EPA Administrator Lee Zeldin has said he wants to eliminate 65% of the agency’s budget, a huge spending cut that would require major staffing reductions for jobs such as monitoring air and water quality, responding to natural disasters and lead abatement, among many other agency functions.
That sounds awful! How nice if we had somebody to address in plain language how this massacre of science and responsibility would affect not just the low-income and minority communities who will as usual get hammered the hardest—among the reasons the regime are attempting to erase those people from the national consciousness—but everybody who isn’t living in a biodome.
On a related note, the regime hustled the leadership of the U.S. Institute of Peace, a private nonprofit operation established by congressional mandate 50 years ago, out of their offices effectively at gunpoint.
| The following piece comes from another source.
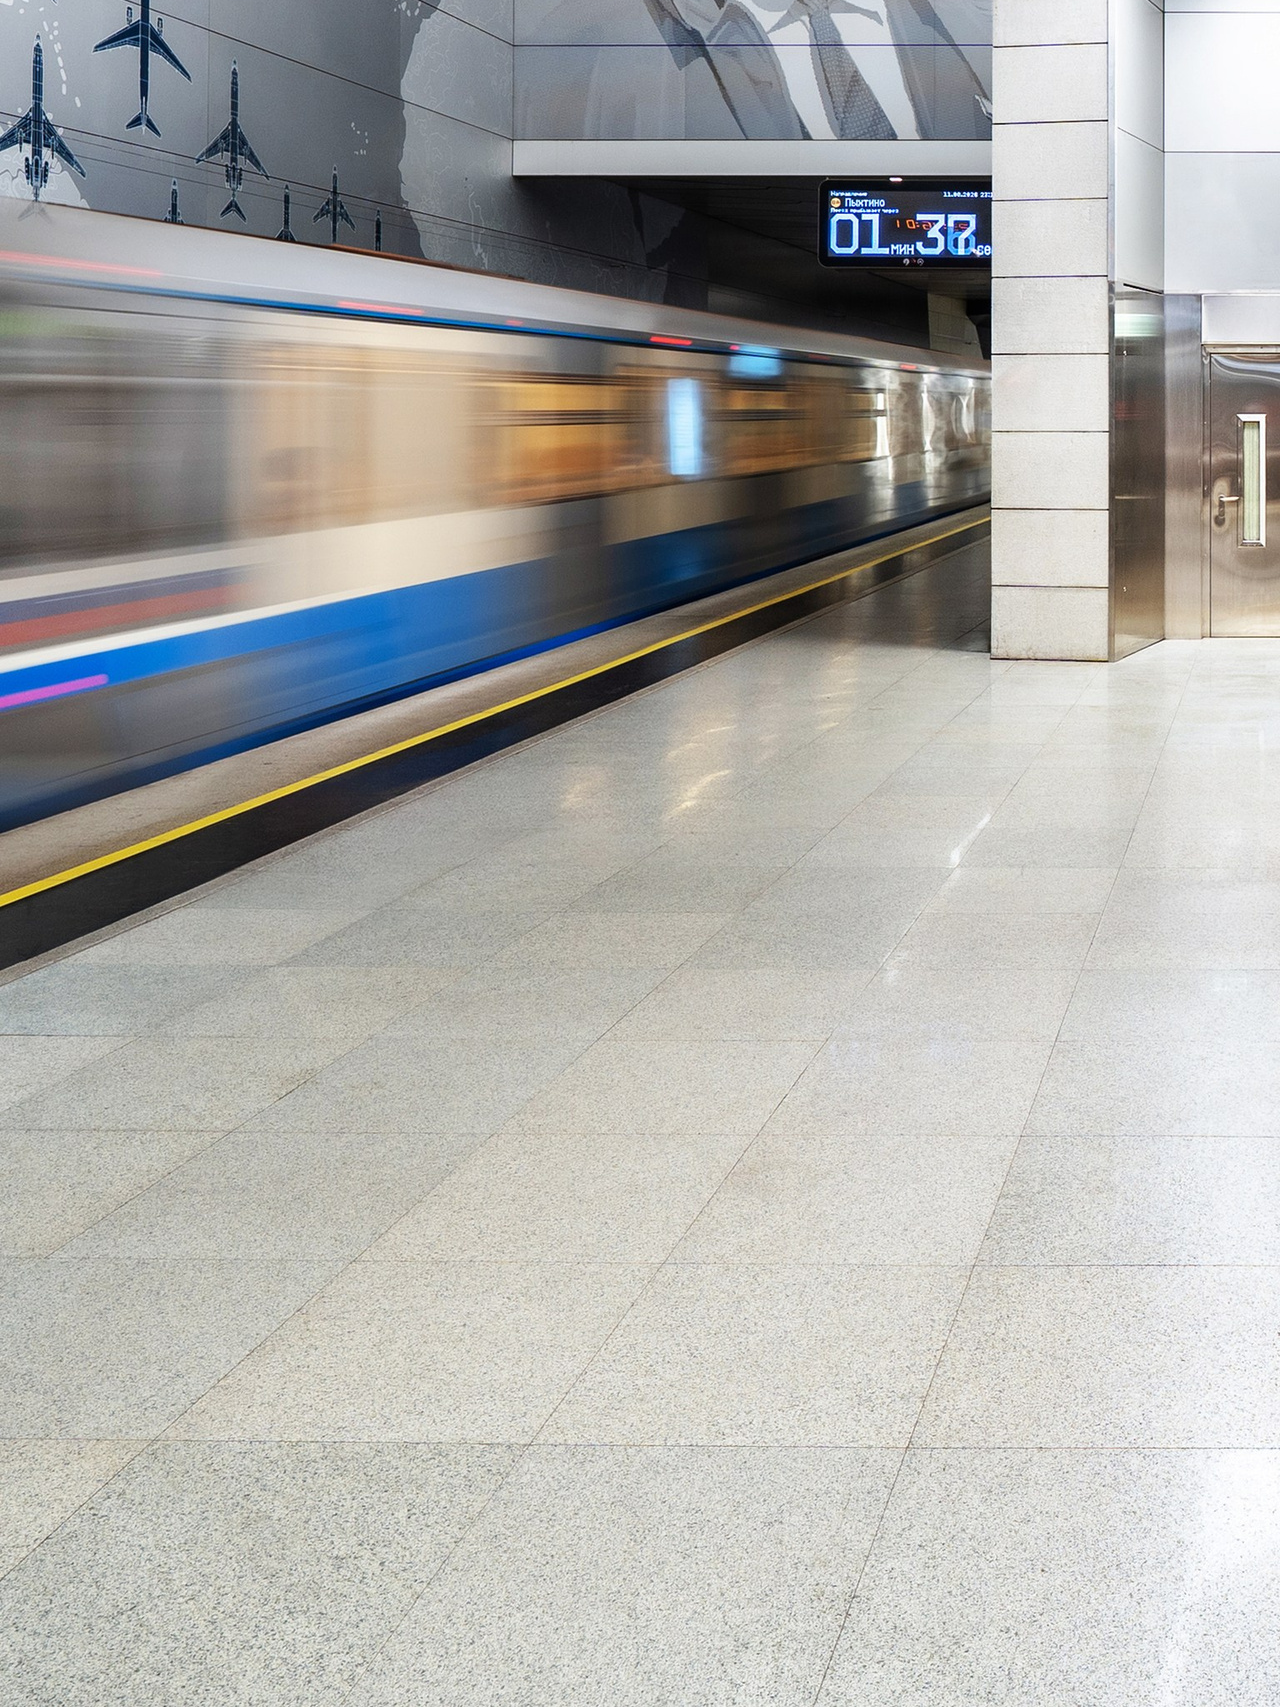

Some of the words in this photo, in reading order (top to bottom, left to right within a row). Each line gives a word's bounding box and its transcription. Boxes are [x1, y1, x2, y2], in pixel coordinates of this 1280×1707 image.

[844, 197, 886, 208] Пыхтино
[830, 213, 890, 255] 01
[891, 244, 915, 255] мин
“DOGE just came into the building — they’re inside the building — they’re bringing the F.B.I. and brought a bunch of D.C. police,” Sophia Lin, a lawyer for the institute, said by telephone as she and other officials were being escorted out.
. . .
Musk representatives arrived on Monday afternoon in a black S.U.V. with government plates and were escorted by what appeared to be private security who arrived in separate vehicles and were dressed in street clothing.They tried one entrance, but could not seem to find a way inside and instead circled the building before getting back into the S.U.V.
. . .
After several minutes, two lawyers for the institute emerged from the building and approached the vehicle. What followed was a window-side negotiation: Mr. Musk’s representatives in the car, including a man who identified himself as Mr. Jackson, the State Department official and newly installed agency president, appeared to ask the lawyers to get in.“I mean, I don’t know where you’re going to take us,” Ms. Lin said, declining.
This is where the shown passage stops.